• Work instruction: From the line that contains "Some of the words" to the last line of the entries, write each line out exactly; include both ends and nothing else.

• Supplied records:

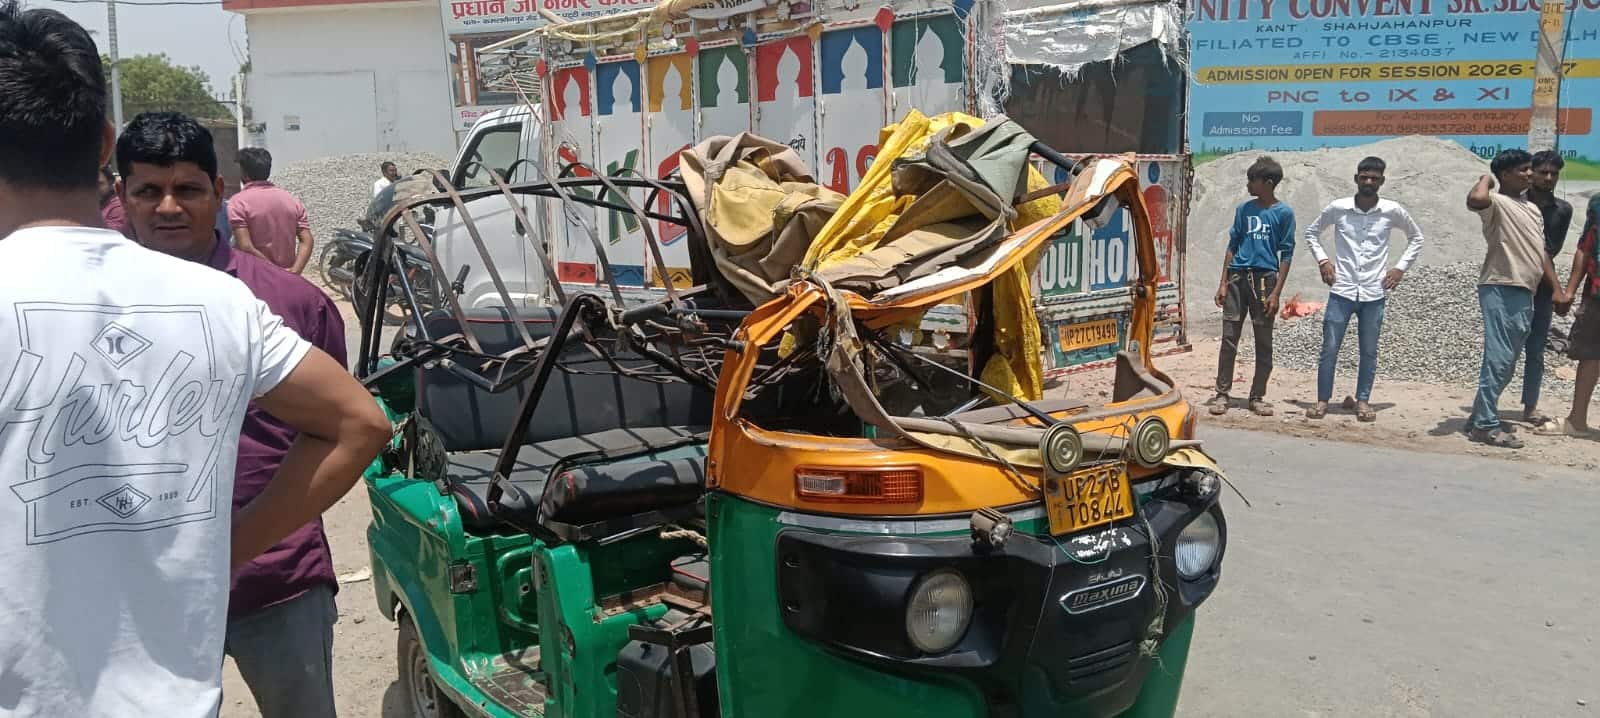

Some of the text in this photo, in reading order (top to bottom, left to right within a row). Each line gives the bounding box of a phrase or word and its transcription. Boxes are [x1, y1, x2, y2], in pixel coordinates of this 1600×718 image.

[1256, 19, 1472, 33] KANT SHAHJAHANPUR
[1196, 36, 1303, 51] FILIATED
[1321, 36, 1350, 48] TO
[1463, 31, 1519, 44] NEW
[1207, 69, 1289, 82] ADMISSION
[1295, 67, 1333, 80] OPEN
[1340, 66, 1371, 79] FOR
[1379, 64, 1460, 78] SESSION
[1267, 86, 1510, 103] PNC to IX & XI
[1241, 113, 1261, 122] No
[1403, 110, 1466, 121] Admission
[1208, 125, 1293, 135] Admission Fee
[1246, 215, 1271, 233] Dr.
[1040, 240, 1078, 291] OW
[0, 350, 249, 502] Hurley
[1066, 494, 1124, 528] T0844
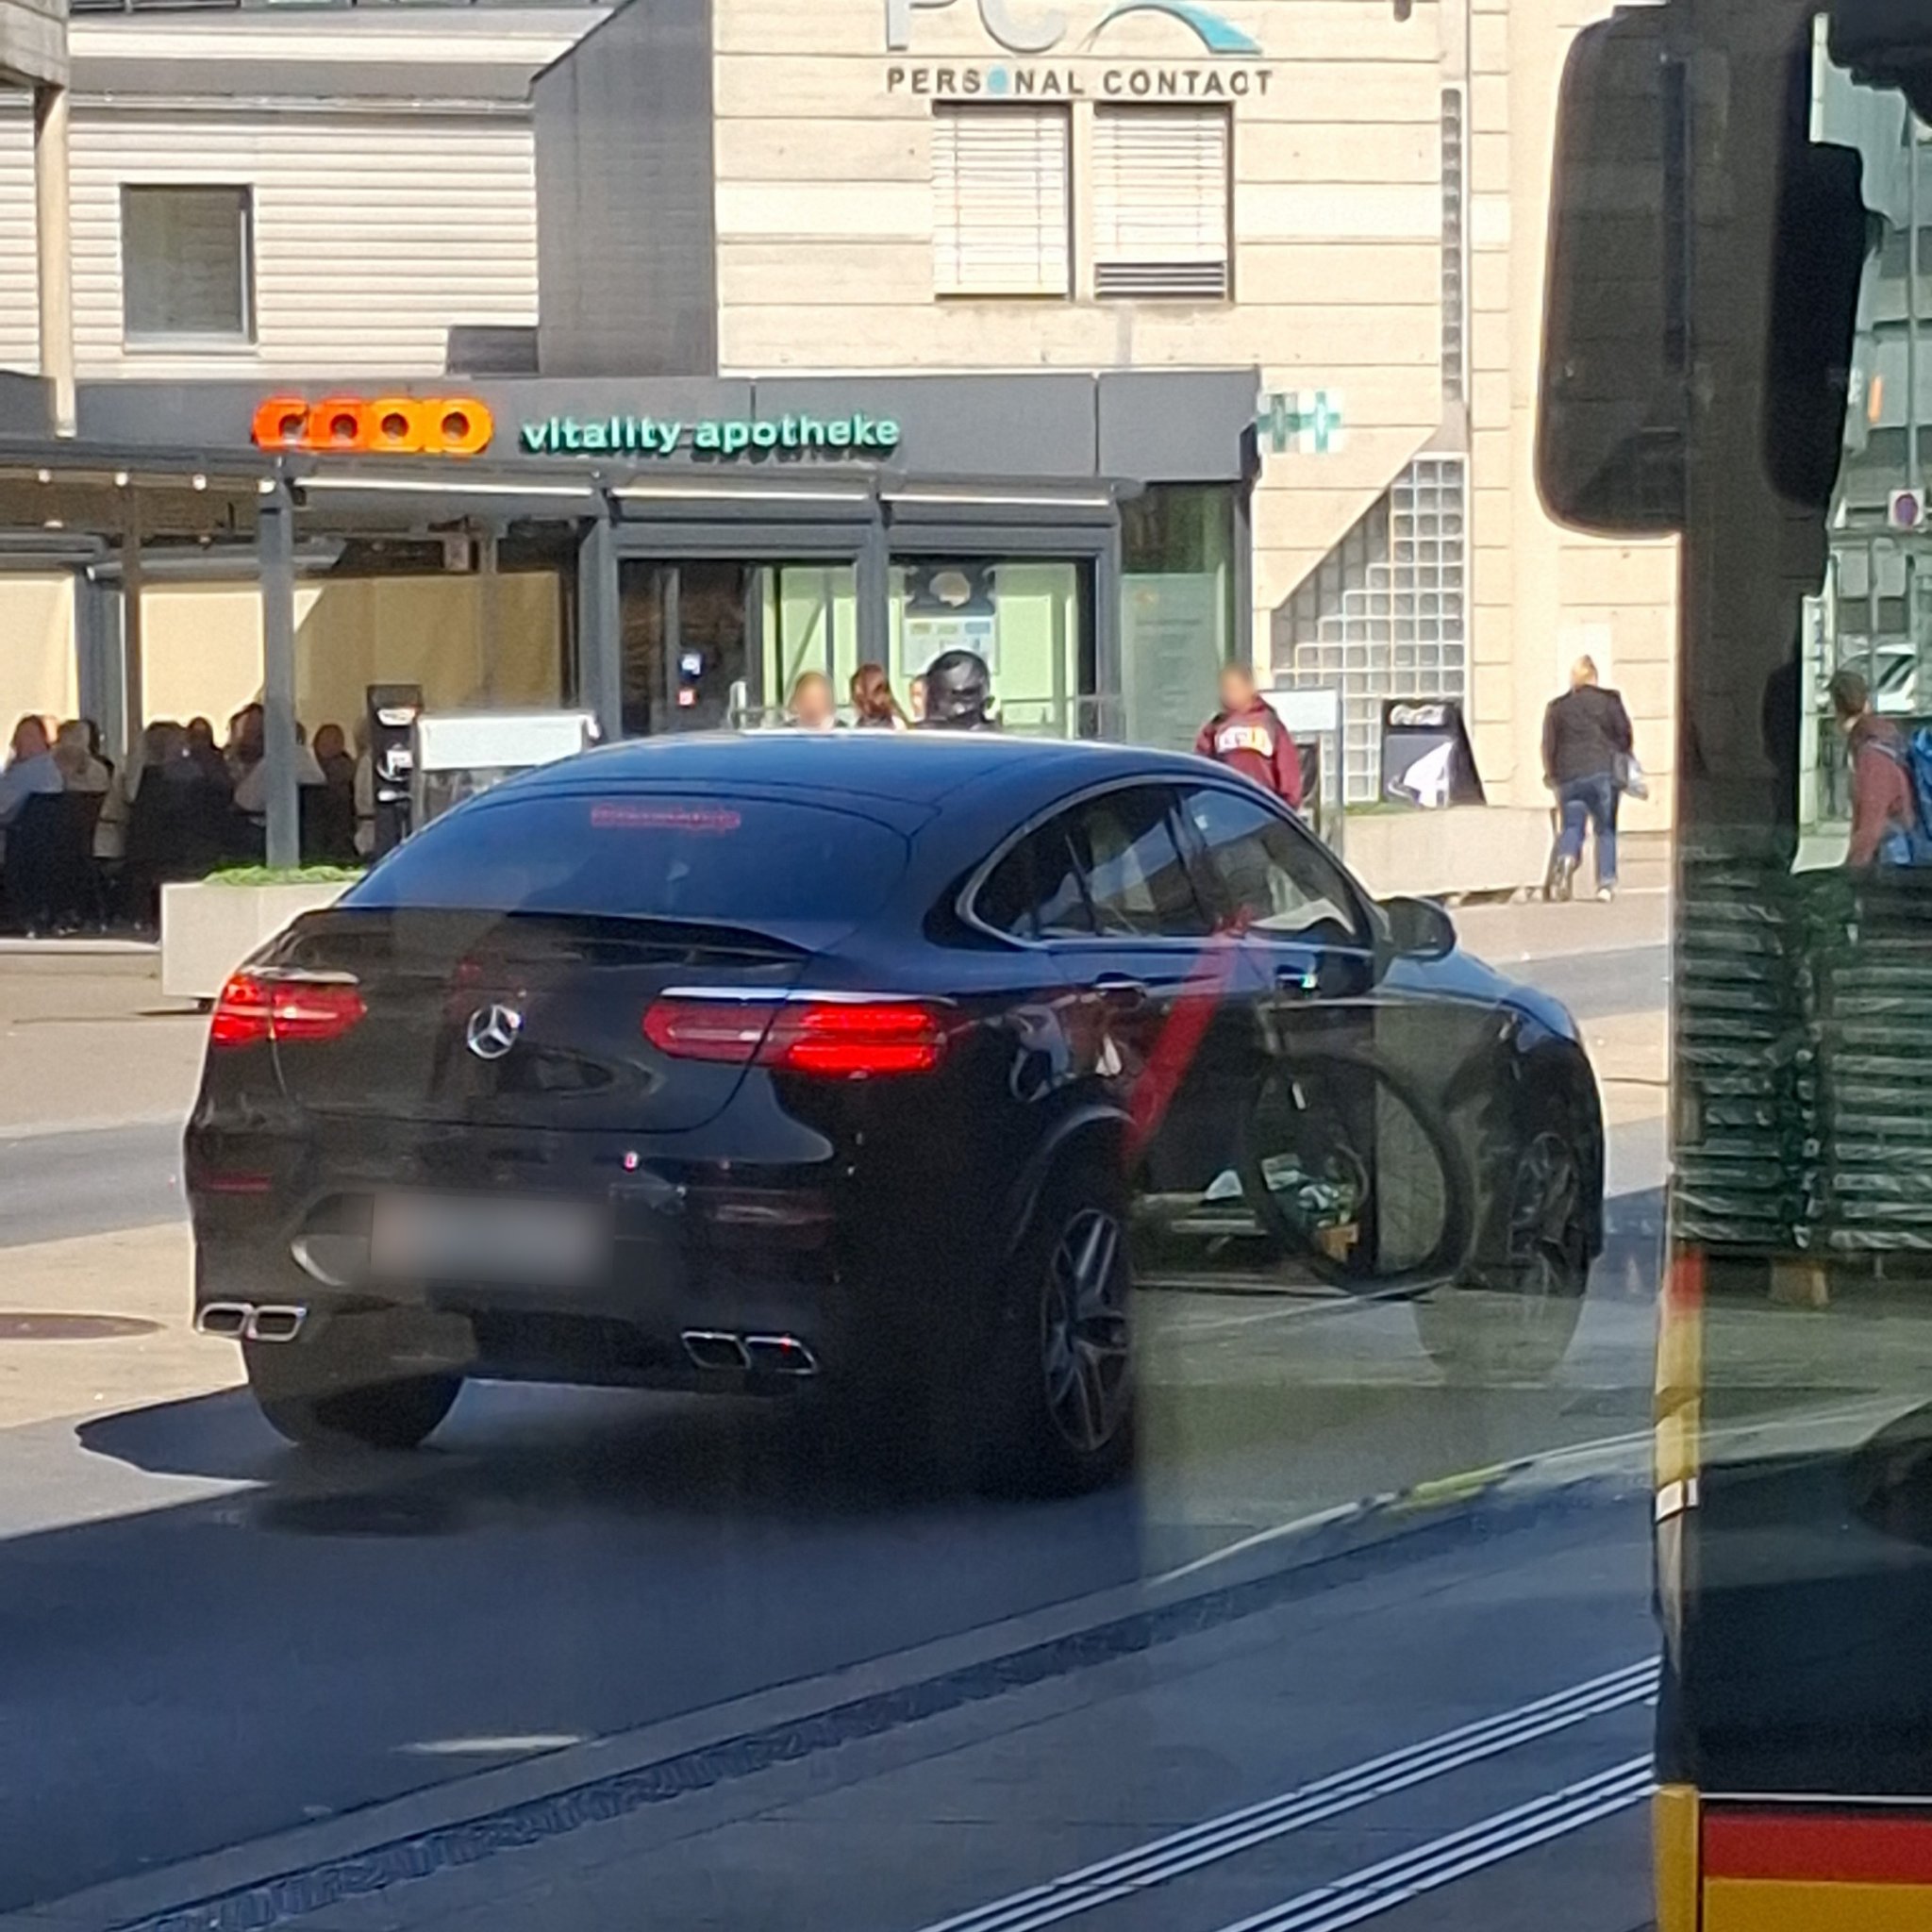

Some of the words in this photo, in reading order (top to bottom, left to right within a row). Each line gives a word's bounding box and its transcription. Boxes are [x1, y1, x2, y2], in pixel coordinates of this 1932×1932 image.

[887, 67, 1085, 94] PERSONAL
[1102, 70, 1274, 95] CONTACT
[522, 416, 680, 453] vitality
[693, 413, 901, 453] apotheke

• Result for this exercise:
Some of the words in this photo, in reading order (top to bottom, left to right within a row). Each line gives a word's bounding box and its transcription. Boxes are [x1, y1, x2, y2], in pixel coordinates of this 1932×1932 image.

[887, 67, 1085, 94] PERSONAL
[1102, 70, 1274, 95] CONTACT
[522, 416, 680, 453] vitality
[693, 413, 901, 453] apotheke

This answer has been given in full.